## What needs to be done
The reply should contain all the data below, repeated exactly, and none of the images.

╔══

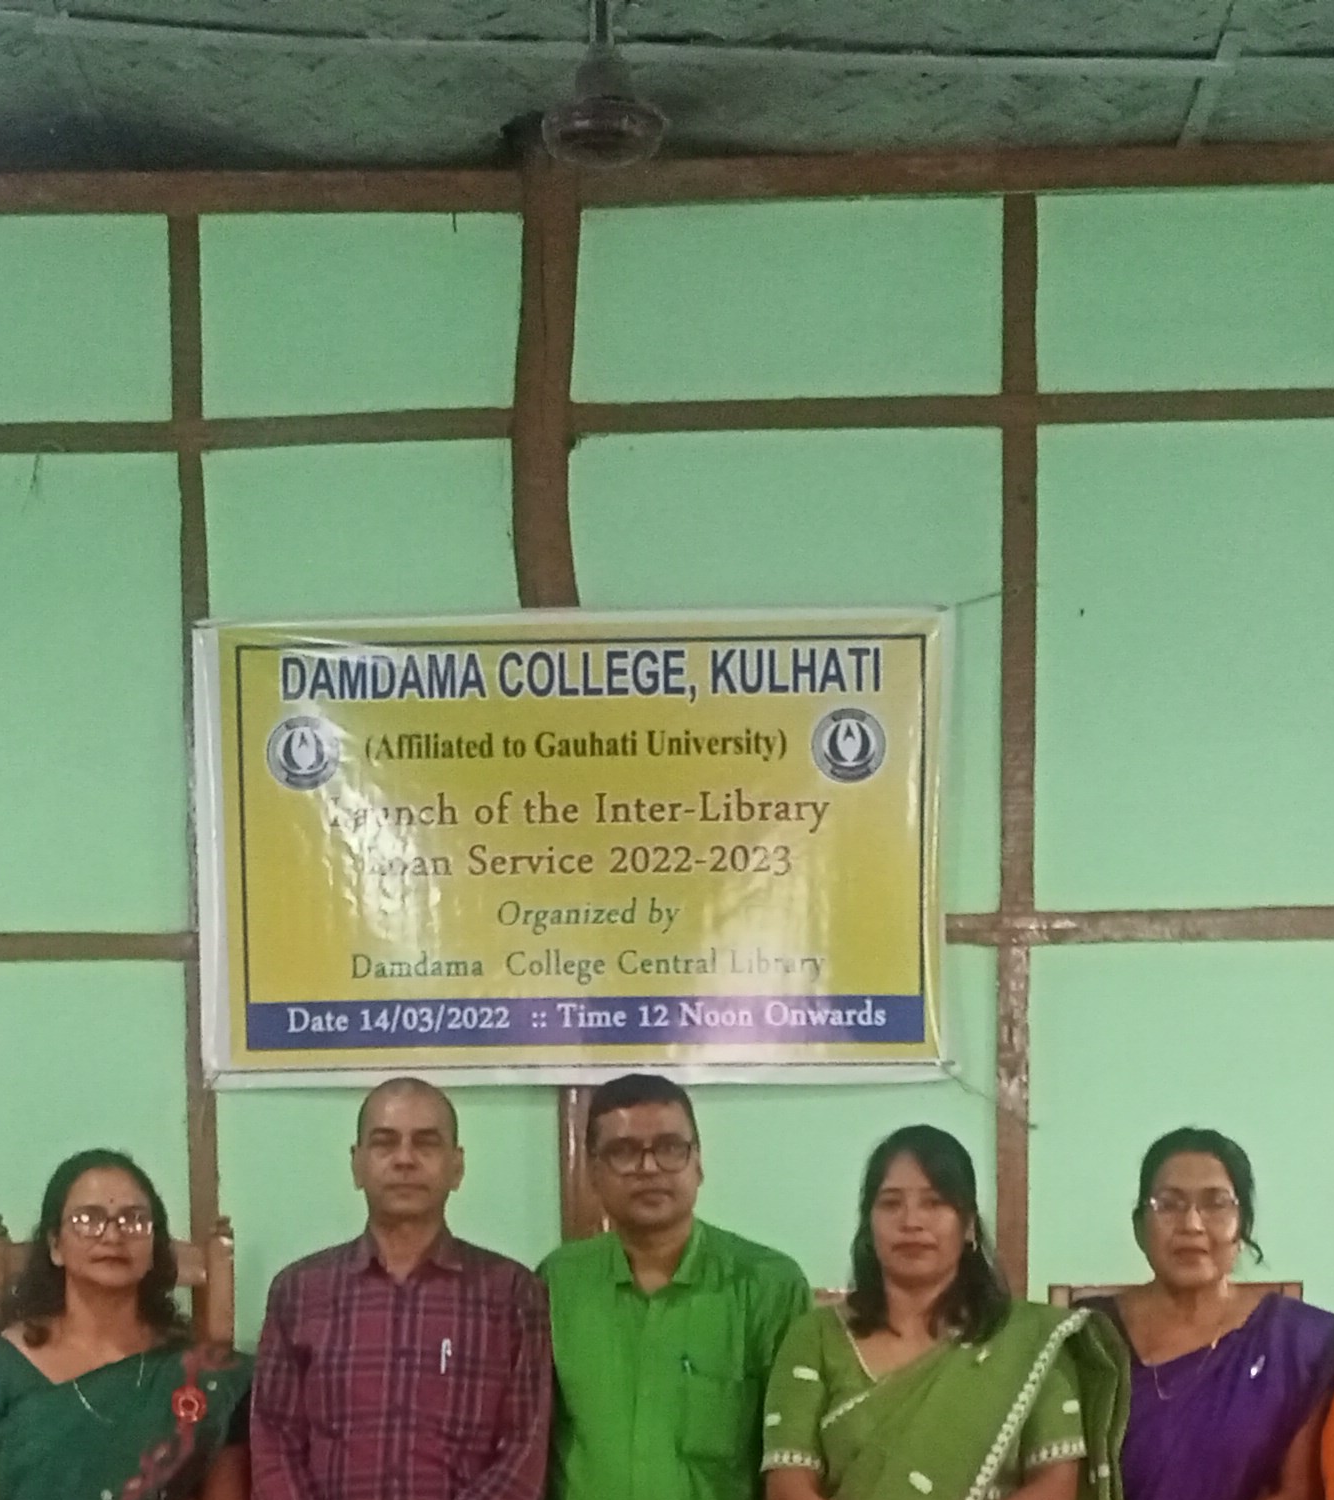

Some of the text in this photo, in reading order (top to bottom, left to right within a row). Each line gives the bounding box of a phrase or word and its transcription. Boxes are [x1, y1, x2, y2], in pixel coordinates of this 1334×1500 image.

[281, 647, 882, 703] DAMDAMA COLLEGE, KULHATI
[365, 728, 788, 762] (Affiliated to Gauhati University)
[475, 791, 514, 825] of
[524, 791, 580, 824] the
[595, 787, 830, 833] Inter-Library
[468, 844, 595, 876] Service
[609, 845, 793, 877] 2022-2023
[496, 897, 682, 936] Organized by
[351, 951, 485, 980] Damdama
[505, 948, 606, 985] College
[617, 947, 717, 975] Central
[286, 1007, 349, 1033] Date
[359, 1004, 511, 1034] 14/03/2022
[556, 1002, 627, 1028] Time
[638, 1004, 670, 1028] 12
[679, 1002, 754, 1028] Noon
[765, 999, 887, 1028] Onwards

╚══

## Reply
Some of the text in this photo, in reading order (top to bottom, left to right within a row). Each line gives the bounding box of a phrase or word and its transcription. Boxes are [x1, y1, x2, y2], in pixel coordinates of this 1334×1500 image.

[281, 647, 882, 703] DAMDAMA COLLEGE, KULHATI
[365, 728, 788, 762] (Affiliated to Gauhati University)
[475, 791, 514, 825] of
[524, 791, 580, 824] the
[595, 787, 830, 833] Inter-Library
[468, 844, 595, 876] Service
[609, 845, 793, 877] 2022-2023
[496, 897, 682, 936] Organized by
[351, 951, 485, 980] Damdama
[505, 948, 606, 985] College
[617, 947, 717, 975] Central
[286, 1007, 349, 1033] Date
[359, 1004, 511, 1034] 14/03/2022
[556, 1002, 627, 1028] Time
[638, 1004, 670, 1028] 12
[679, 1002, 754, 1028] Noon
[765, 999, 887, 1028] Onwards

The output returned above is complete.